适应个体差异的下肢康复机器人步态规划与实现

目的 针对下肢康复机器人轨迹规划,进行适应个体差异康复运动模式的求解,实现精准康复。方法 在总结出下肢康复机器人6种运动模式后,根据人体多刚体理论,将下肢康复机器人外骨骼简化成二连杆机构,对运动模式进行逆运动学分析,并基于C#设计运动模式求解系统。结果 将基于C#运动模式求解系统计算的运动模式关节角度值传输到上位机,6种运动模式均成功应用于下肢康复机器人。通过运动模式逆运动学分析基于C#设计的运动模式求解系统,对于不同腿长的下肢运动功能障碍患者,进行适应个体差异的运动模式关节角度值求解。通过样机实验,下肢康复机器人能够按照规划的运动模式带动人体模型进行康复训练,且实际关节角度曲线与理论关节角度曲线基本重合,关节角度误差较小。结论 验证了适应个体差异运动模式求解的有效性和可行性。

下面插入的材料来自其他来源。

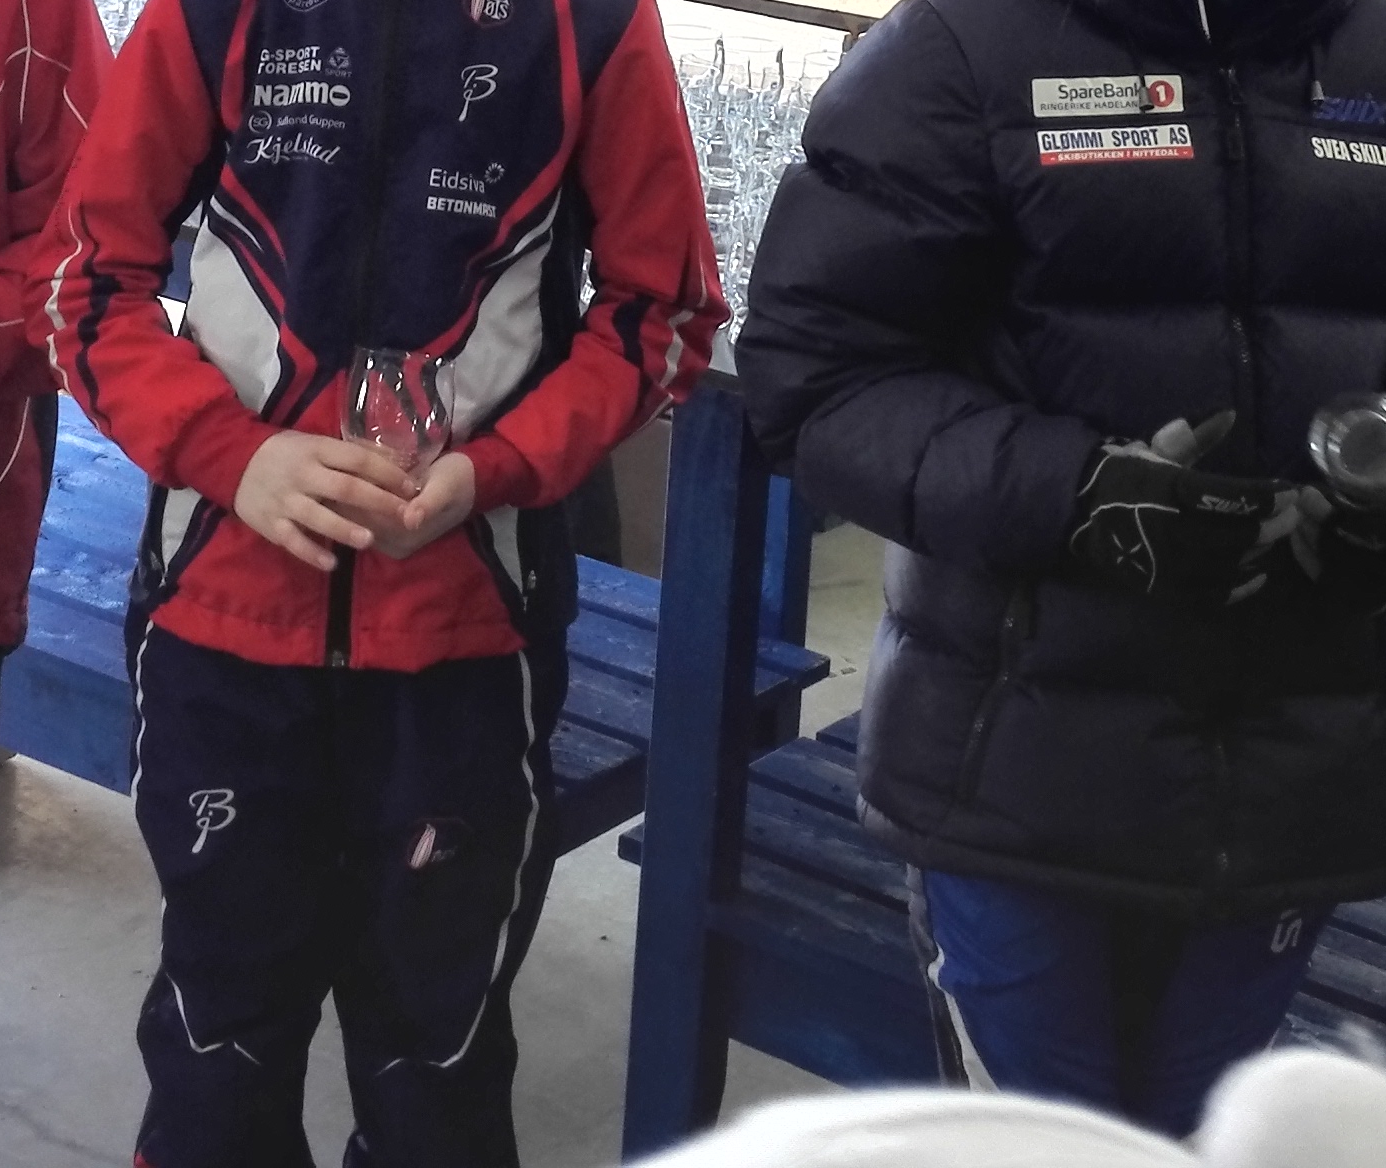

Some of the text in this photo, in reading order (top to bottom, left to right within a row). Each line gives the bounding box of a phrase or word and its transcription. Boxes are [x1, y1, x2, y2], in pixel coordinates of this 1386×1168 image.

Solution for Movement Mode of Lower Limb Rehabilitation Robot Adapted to Individual Differences

Objective To solve the movement mode adapting to individual differences for the trajectory planning of lower limb rehabilitation robots.Methods After summarizing the six movement modes of the lower limb rehabilitation robot, according to the multi-rigid body theory of the human body, the exoskeleton of the lower limb rehabilitation robot was simplified into a two-bar linkage mechanism, the inverse kinematics analysis of the motion mode was performed, and the motion pattern solving system was designed based on C#.Results The motion mode joint angle value calculated based on the C# motion mode solving system was transmitted to the upper computer, and the six motion modes were successfully applied to the lower limb rehabilitation robot. Through the inversion kinematics analysis of the motor model, the C#-designed motion mode solving system could solve the motorized joint angle values that adapted to individual of different leg lengths with lower extremity motor dysfunction. Through physical prototype experiments, the lower limb rehabilitation robot could drive the human body model for rehabilitation training according to the planned exercise mode. The actual joint angle curve and the theoretical joint angle curve were basically coincident, the joint angle error was small. Conclusion The individual difference motion pattern solution is valid and feasible.